*** Opening Supplied data ***

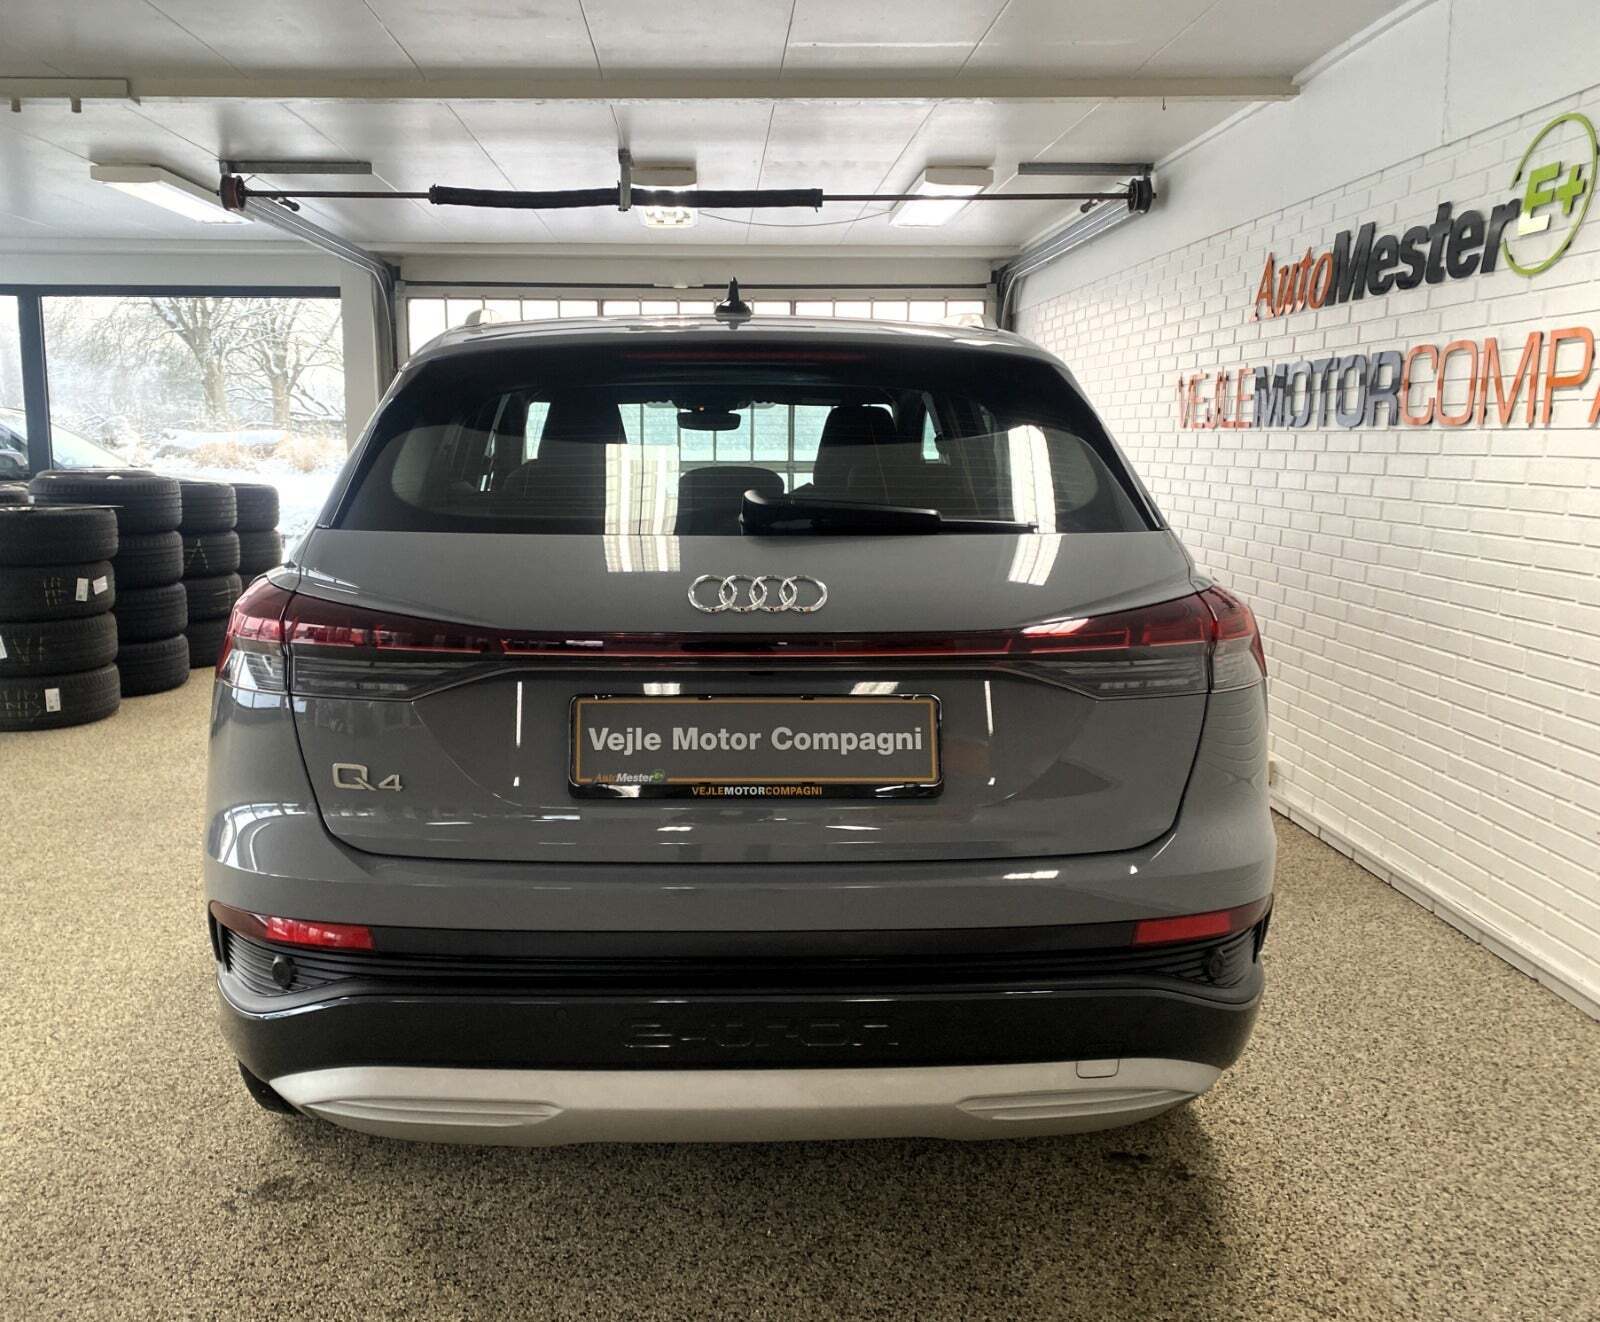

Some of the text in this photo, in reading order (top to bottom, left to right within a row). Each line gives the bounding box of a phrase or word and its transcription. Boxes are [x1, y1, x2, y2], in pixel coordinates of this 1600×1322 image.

[1250, 199, 1522, 322] AutoMester
[1178, 326, 1600, 429] VEJLEMOTORCOMP
[588, 727, 922, 756] Vejle Motor Compagni
[332, 762, 403, 792] Q4
[692, 786, 823, 796] VEJLEMOTORCOMPAGNI
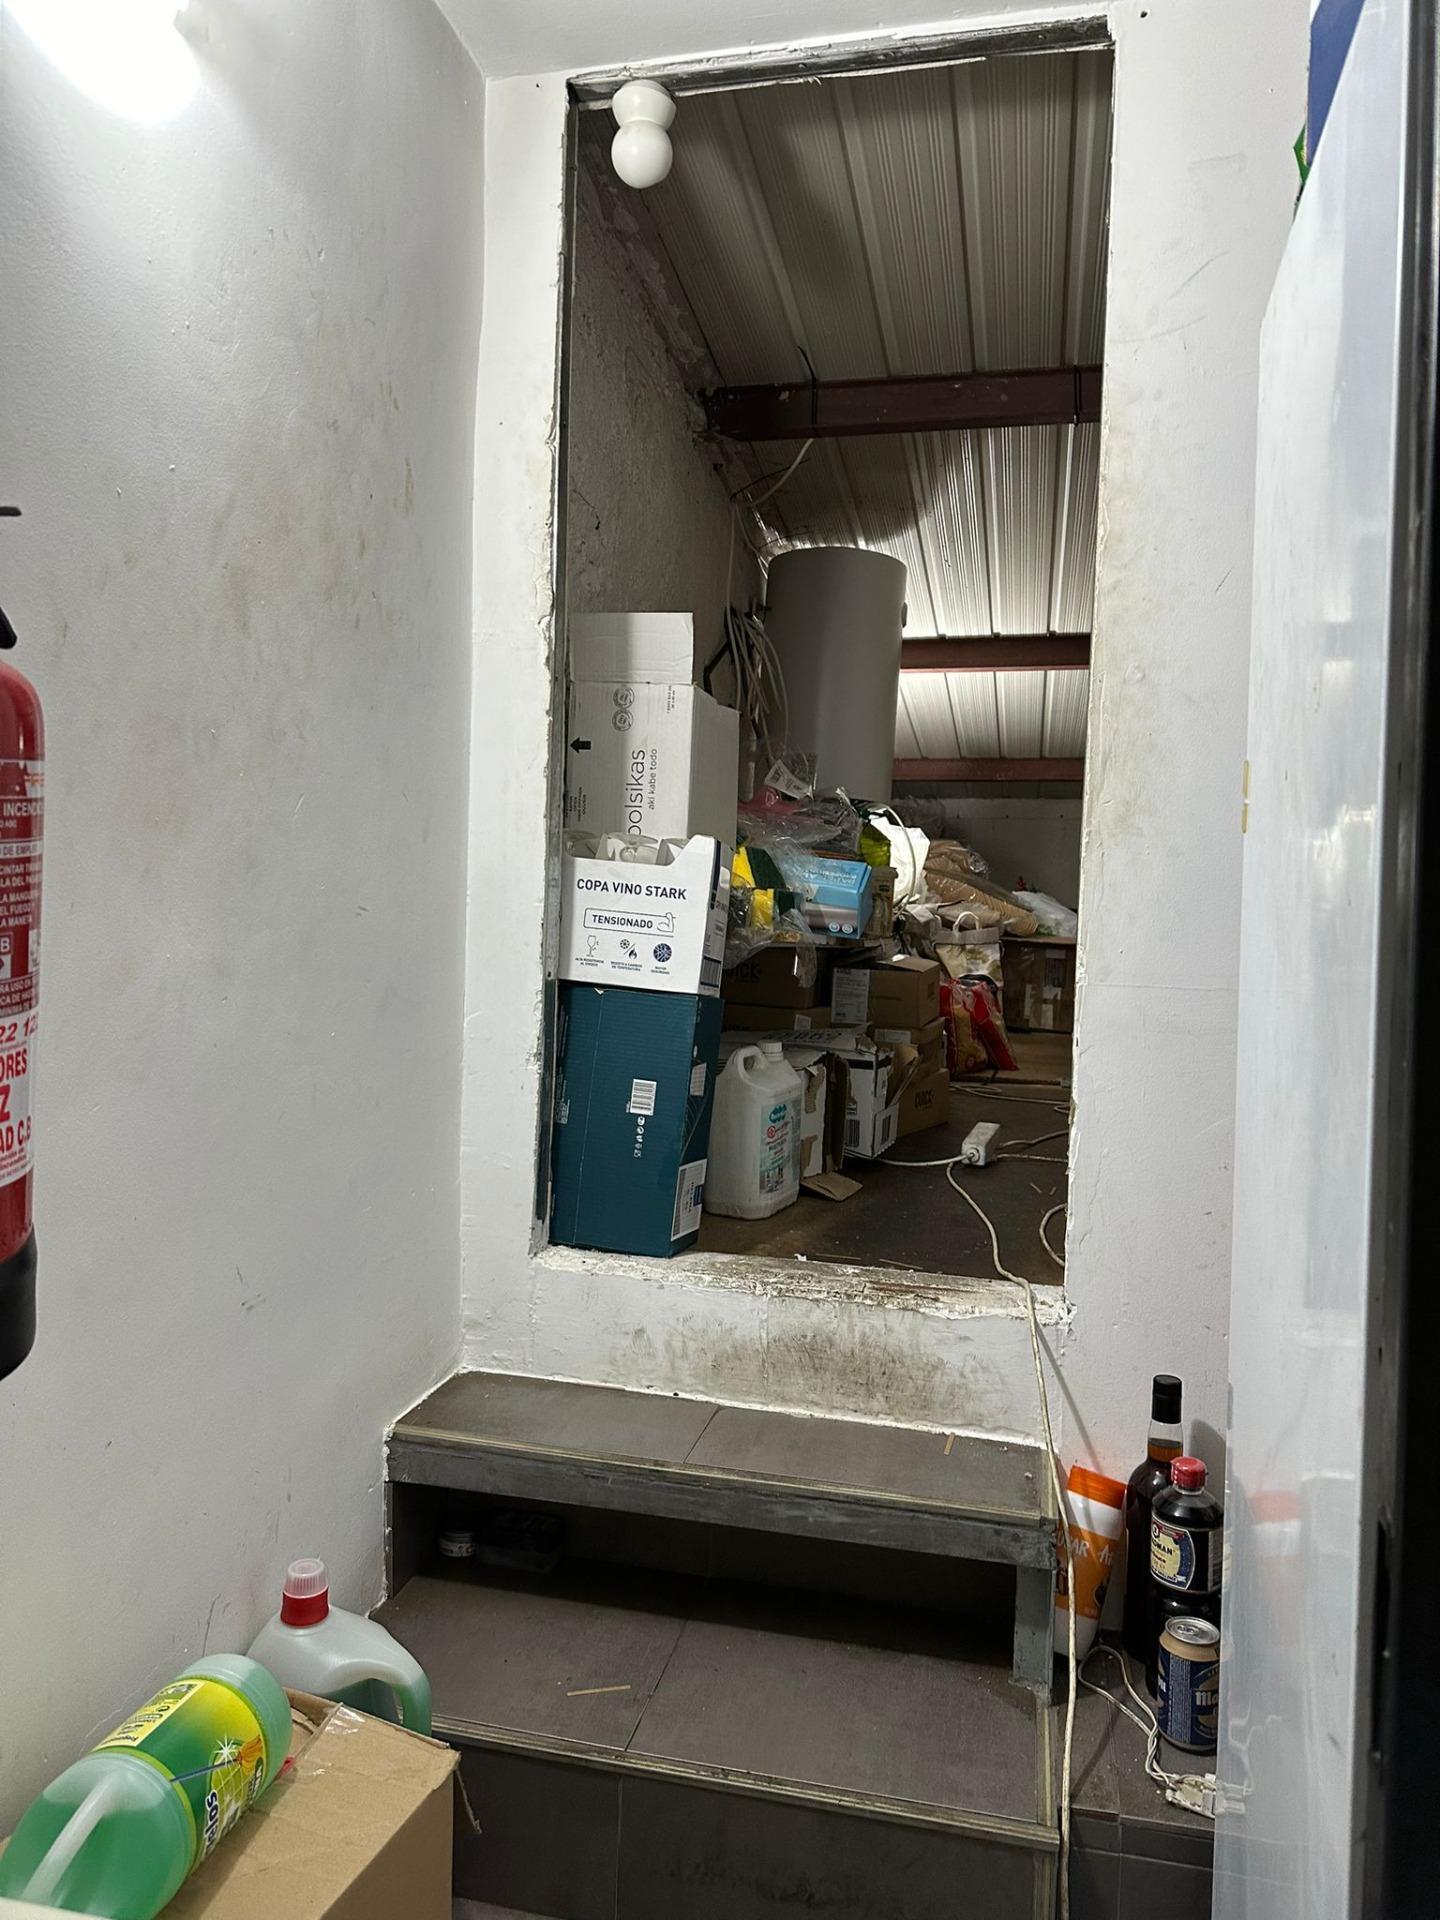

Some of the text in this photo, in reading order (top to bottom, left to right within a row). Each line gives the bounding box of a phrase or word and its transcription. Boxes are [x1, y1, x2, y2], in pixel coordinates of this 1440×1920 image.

[649, 748, 658, 771] todo
[577, 878, 687, 900] COPA VINO STARK
[592, 914, 653, 929] TENSIONADO
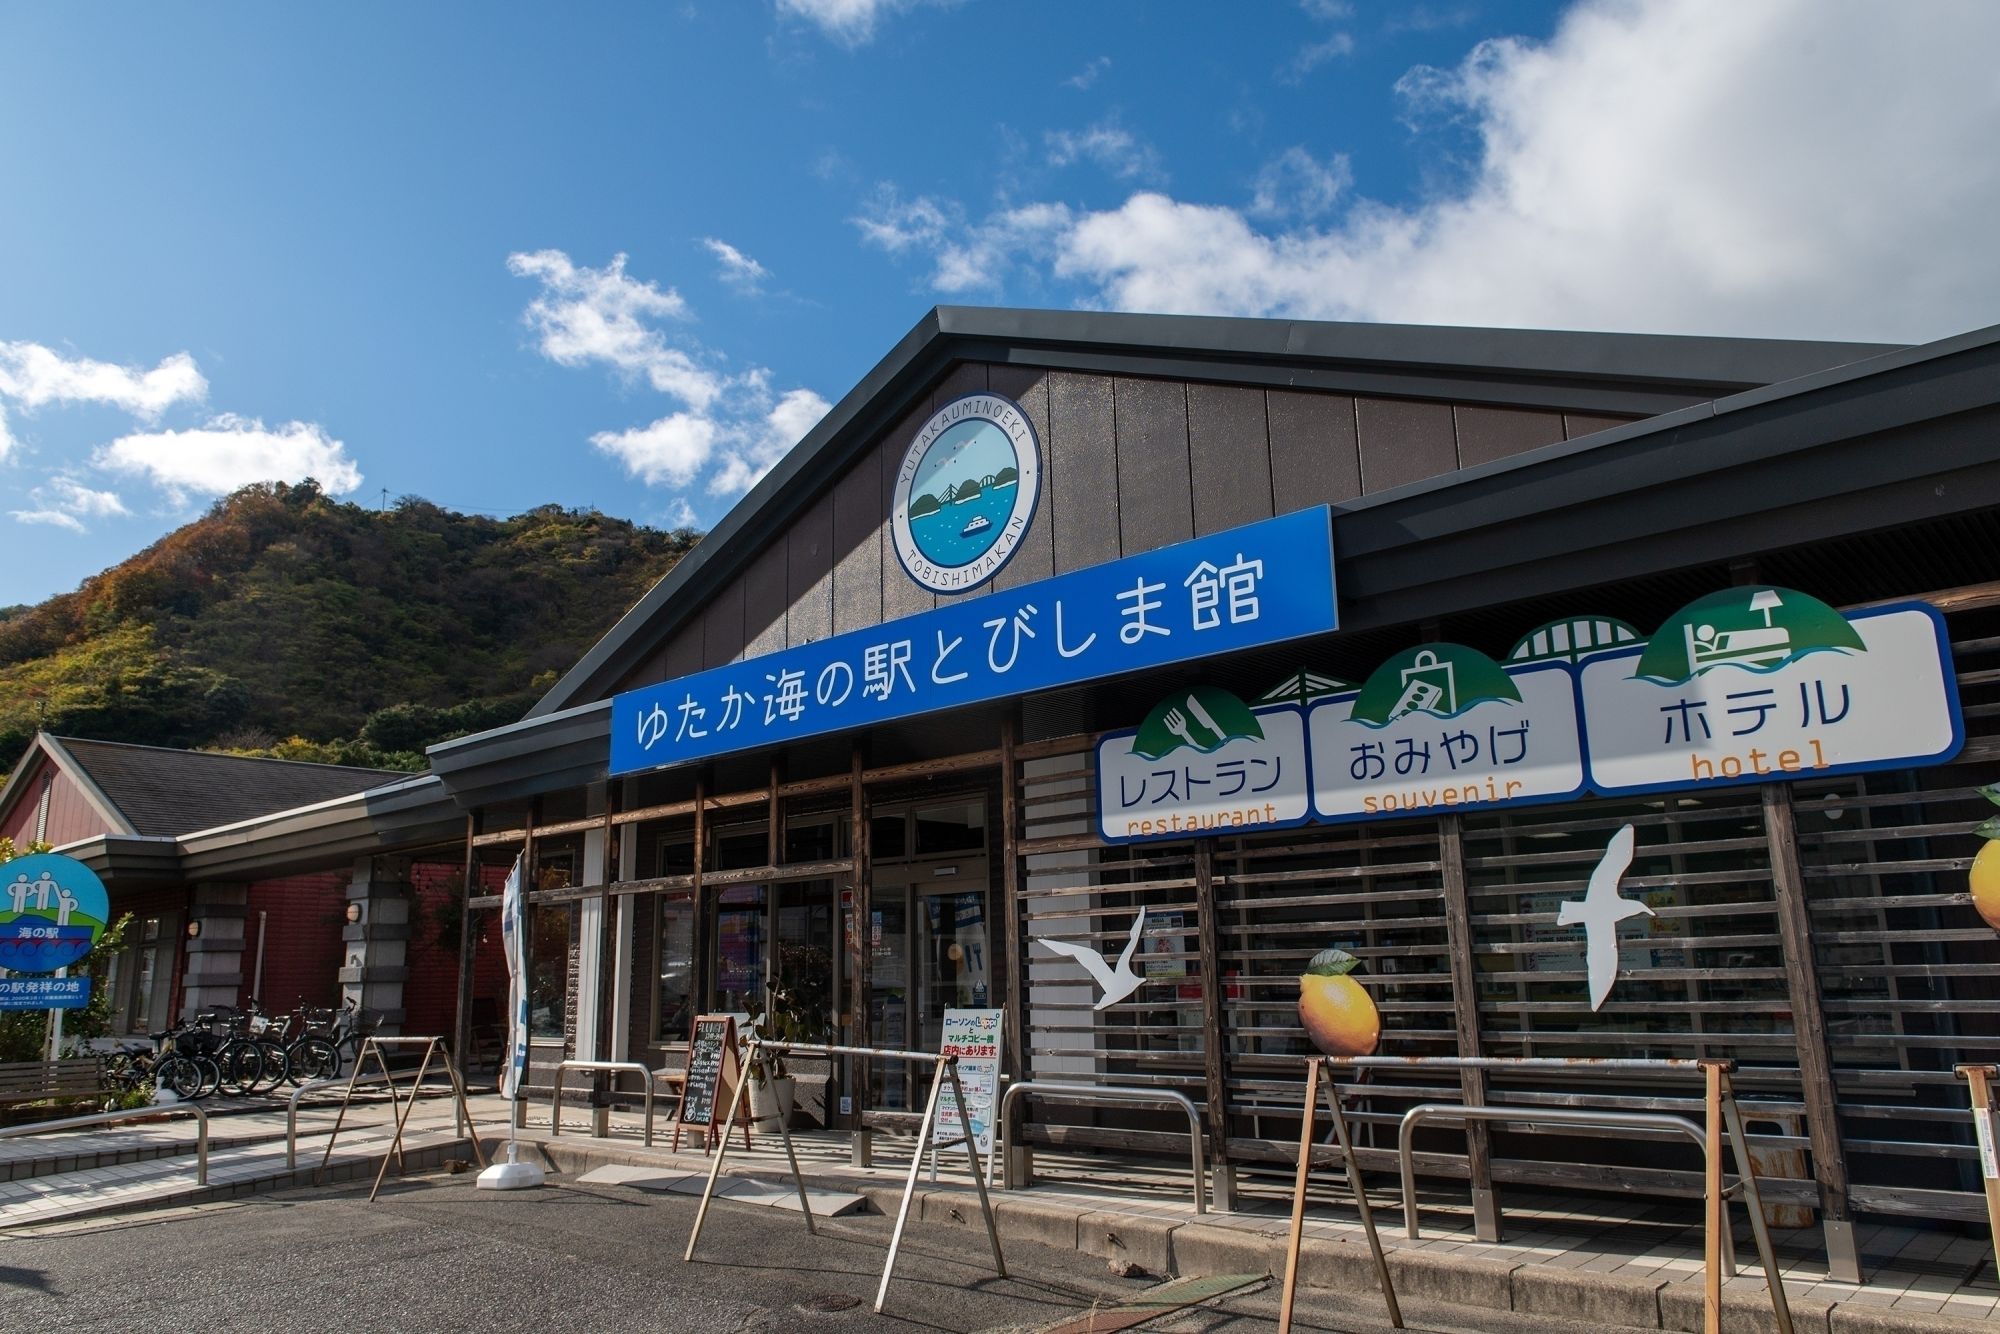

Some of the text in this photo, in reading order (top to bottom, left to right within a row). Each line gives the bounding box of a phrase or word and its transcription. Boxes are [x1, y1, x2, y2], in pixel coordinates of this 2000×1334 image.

[900, 400, 1026, 484] YUTAKAUMINOEKI
[907, 516, 1024, 586] TOBISHIMAKAN
[636, 552, 1264, 752] ゆたか海の駅とびしま館
[1659, 679, 1851, 744] ホテル
[1349, 718, 1531, 781] おみやげ
[1691, 738, 1832, 782] hotel
[1119, 755, 1282, 808] レストラン
[1362, 775, 1524, 815] souvenir
[1127, 802, 1278, 838] restaurant
[18, 927, 59, 939] 海の駅
[948, 1035, 994, 1043] マルチコピー機

*** Closing Supplied data ***

_What is being asked_.
What is wanted is a verbatim transcription of every record above, pictures excluded.

_Task solution_.
Some of the text in this photo, in reading order (top to bottom, left to right within a row). Each line gives the bounding box of a phrase or word and its transcription. Boxes are [x1, y1, x2, y2], in pixel coordinates of this 1600×1322 image.

[1250, 199, 1522, 322] AutoMester
[1178, 326, 1600, 429] VEJLEMOTORCOMP
[588, 727, 922, 756] Vejle Motor Compagni
[332, 762, 403, 792] Q4
[692, 786, 823, 796] VEJLEMOTORCOMPAGNI

Some of the text in this photo, in reading order (top to bottom, left to right within a row). Each line gives the bounding box of a phrase or word and its transcription. Boxes are [x1, y1, x2, y2], in pixel coordinates of this 1440×1920 image.

[649, 748, 658, 771] todo
[577, 878, 687, 900] COPA VINO STARK
[592, 914, 653, 929] TENSIONADO

Some of the text in this photo, in reading order (top to bottom, left to right within a row). Each line gives the bounding box of a phrase or word and its transcription. Boxes are [x1, y1, x2, y2], in pixel coordinates of this 2000×1334 image.

[900, 400, 1026, 484] YUTAKAUMINOEKI
[907, 516, 1024, 586] TOBISHIMAKAN
[636, 552, 1264, 752] ゆたか海の駅とびしま館
[1659, 679, 1851, 744] ホテル
[1349, 718, 1531, 781] おみやげ
[1691, 738, 1832, 782] hotel
[1119, 755, 1282, 808] レストラン
[1362, 775, 1524, 815] souvenir
[1127, 802, 1278, 838] restaurant
[18, 927, 59, 939] 海の駅
[948, 1035, 994, 1043] マルチコピー機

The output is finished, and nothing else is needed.